A more general form of this question was given to me as a class project in Stat 212 by Will. Specifically, we can also ask if there exists a \(\delta(X)\) such that \(\mathbb{E}_\mu[\delta(X) \mid X \in A] = \mu\) for some general measureable set \(A\). I did not have an answer to that general question, but I do have a negative answer to this particular form of selection (\(X > c\)).

Proof by contradiction

Suppose such \(\delta(X)\) exists. Note \[\mathbb{E}_\mu[\delta(X - c + c) - c \mid X - c > 0] = \mu - c\] and \(X - c \sim N(\mu - c, 1)\). So without loss of generality that \(c = 0\), otherwise by replacing \(\delta(X)\) with \(\delta(X + c) - c\), we can assume \(c = 0\).

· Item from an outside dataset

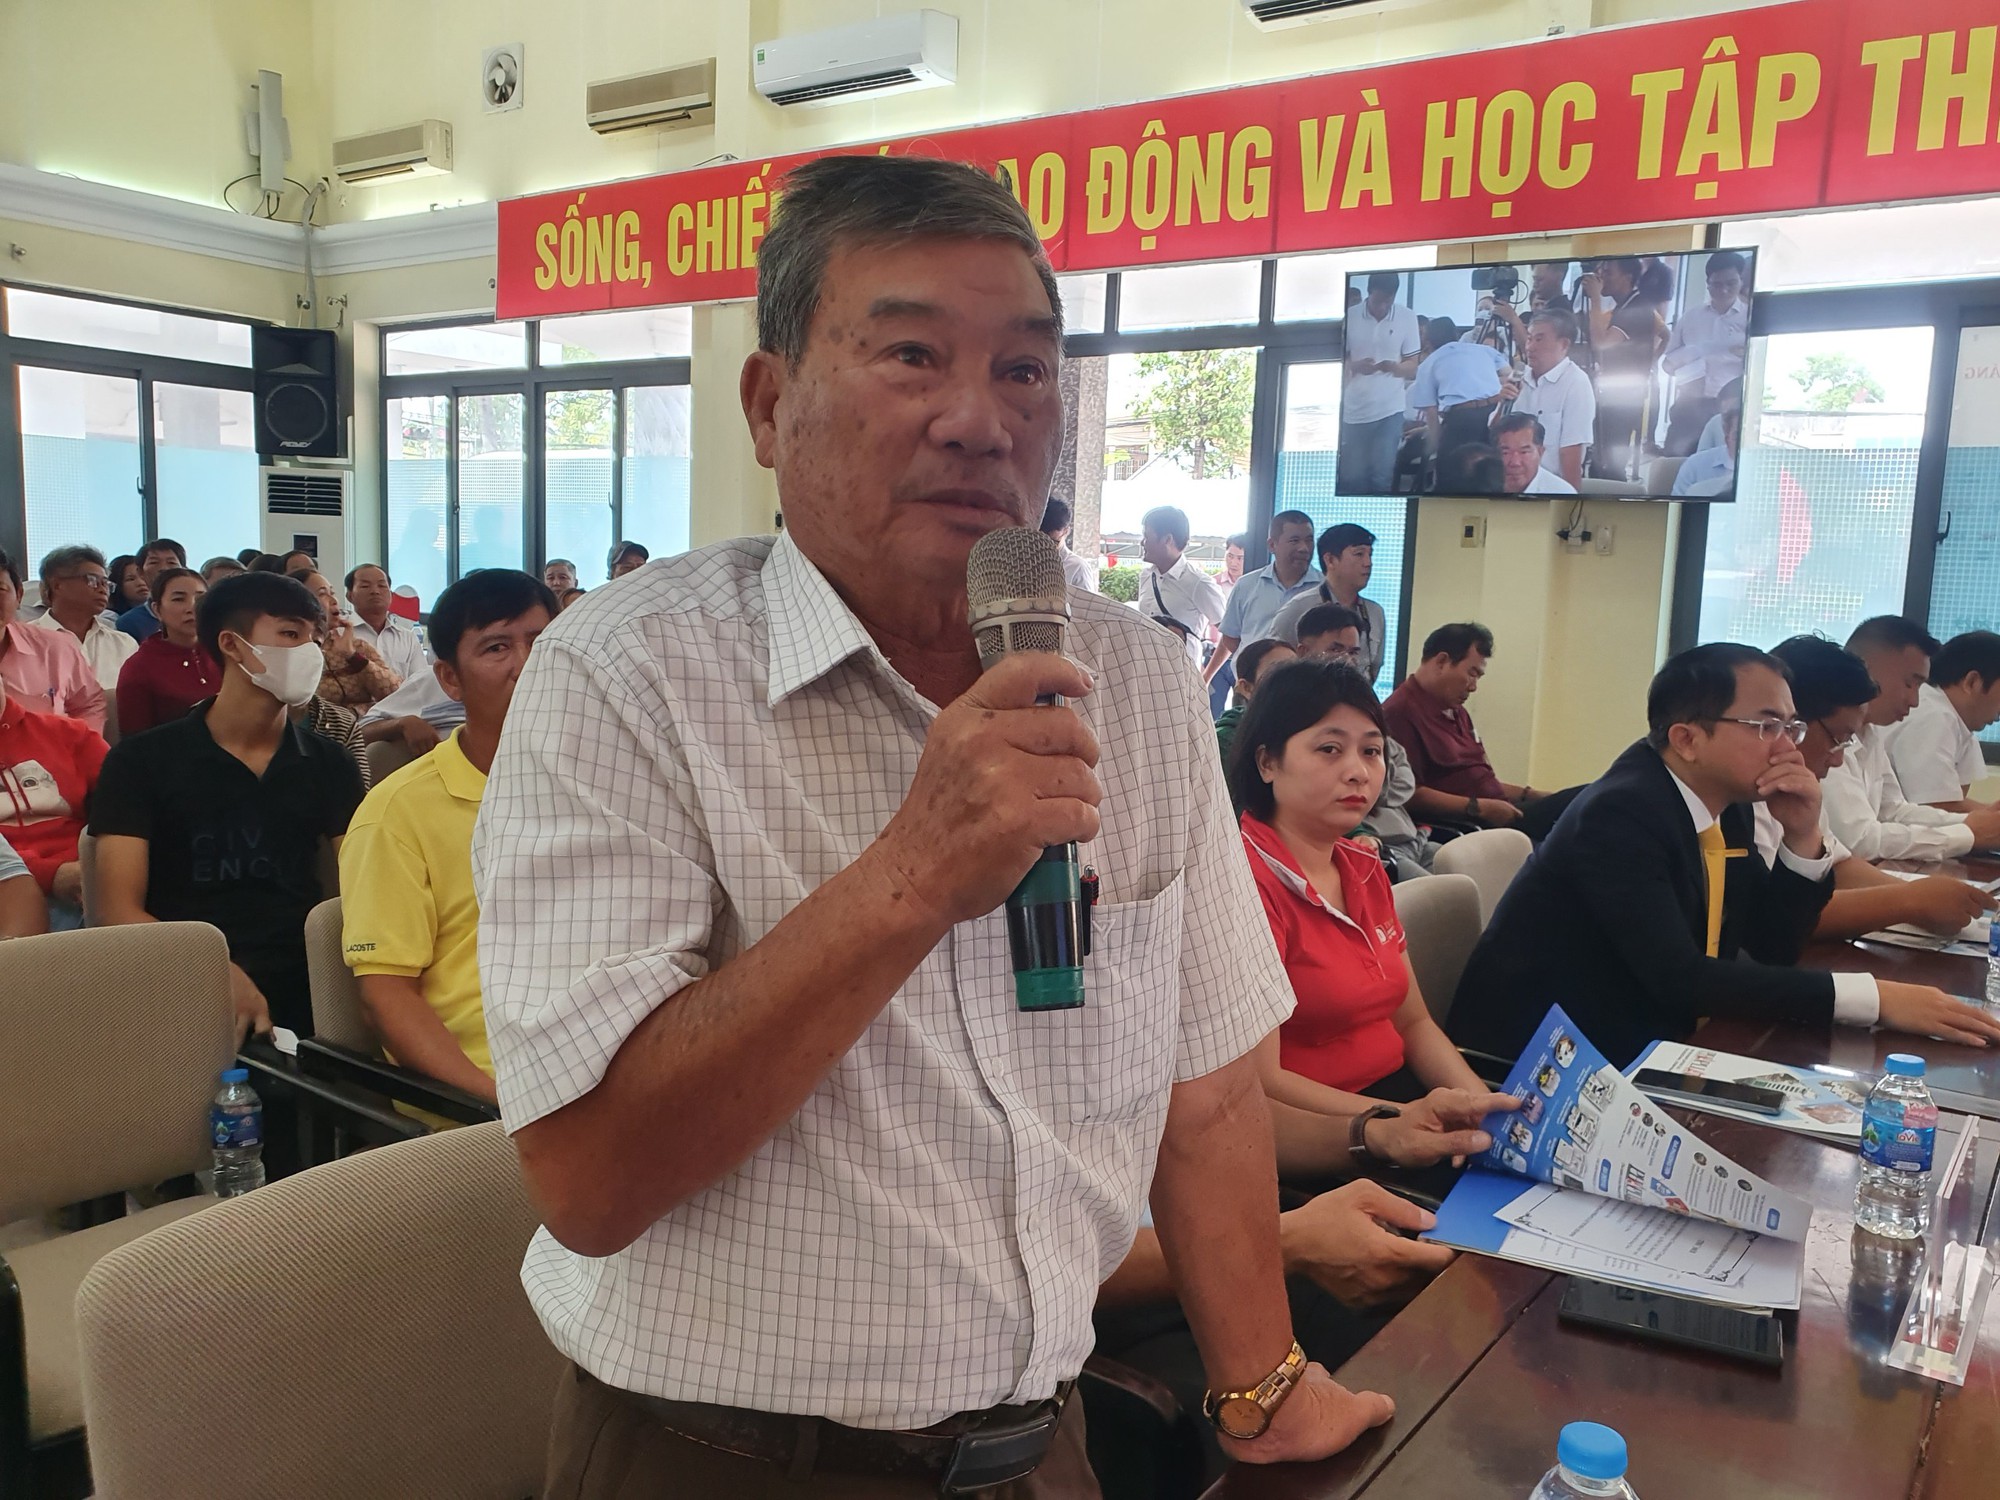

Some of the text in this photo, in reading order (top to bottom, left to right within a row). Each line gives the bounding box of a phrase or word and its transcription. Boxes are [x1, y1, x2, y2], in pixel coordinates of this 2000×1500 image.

Now consider the function \(\tilde\delta(X) = 1_{\{X > 0\}} \delta(X) - 1_{\{X < 0\}} \delta(-X)\), which is kind of like gluing together \(\delta\) and a reflected version of itself. The function \(\tilde\delta\) will have some interesting properties. For example, \[\mathbb{E}_\mu[\tilde\delta(X) \mid X > 0] = \mathbb{E}_\mu[\delta(X) \mid X > 0] = \mu,\] and \[\mathbb{E}_\mu[\tilde\delta(X) \mid X < 0] = \mathbb{E}_\mu[-\delta(-X) \mid X < 0] = -\mathbb{E}_{-\mu}[\delta(X) \mid X > 0] = \mu.\] So all around, we have \(\mathbb{E}_\mu[\tilde\delta(X)] = \mu\).

Now we pull out some results from mathematical statistics! Normal location family is an exponential family of full rank, with \(X\) being the sufficient statistic. So a normal location family is also complete. Since \(\mathbb{E}_\mu[\tilde\delta(X) - X] = \mu - \mu = 0\), by the definition of completeness, we must have \(\tilde\delta(X) = X\) and \(\delta(X) = X\).

On the other hand, we can always check on Wikipedia that \(\mathbb{E}_\mu[X \mid X > 0] = \mu + \frac{\phi(-\mu)}{1 - \Phi(-\mu)}\), where \(\phi\) and \(\Phi\) are the p.d.f. and c.d.f. of a normal distribution respectively. This is definitely not \(\mu\) as we assumed before, yielding a contradiction.

An interesting thing, that I did not notice at the time of taking Stat 212, is that this proof does not apply to randomized selection, i.e. finding a \(\delta(X)\) such that \(\mathbb{E}_\mu[\delta(X) \mid X + \epsilon > 0] = \mu\) where \(\epsilon\) is some independent Gaussian noise, which is very much possible (and you should try it yourself)!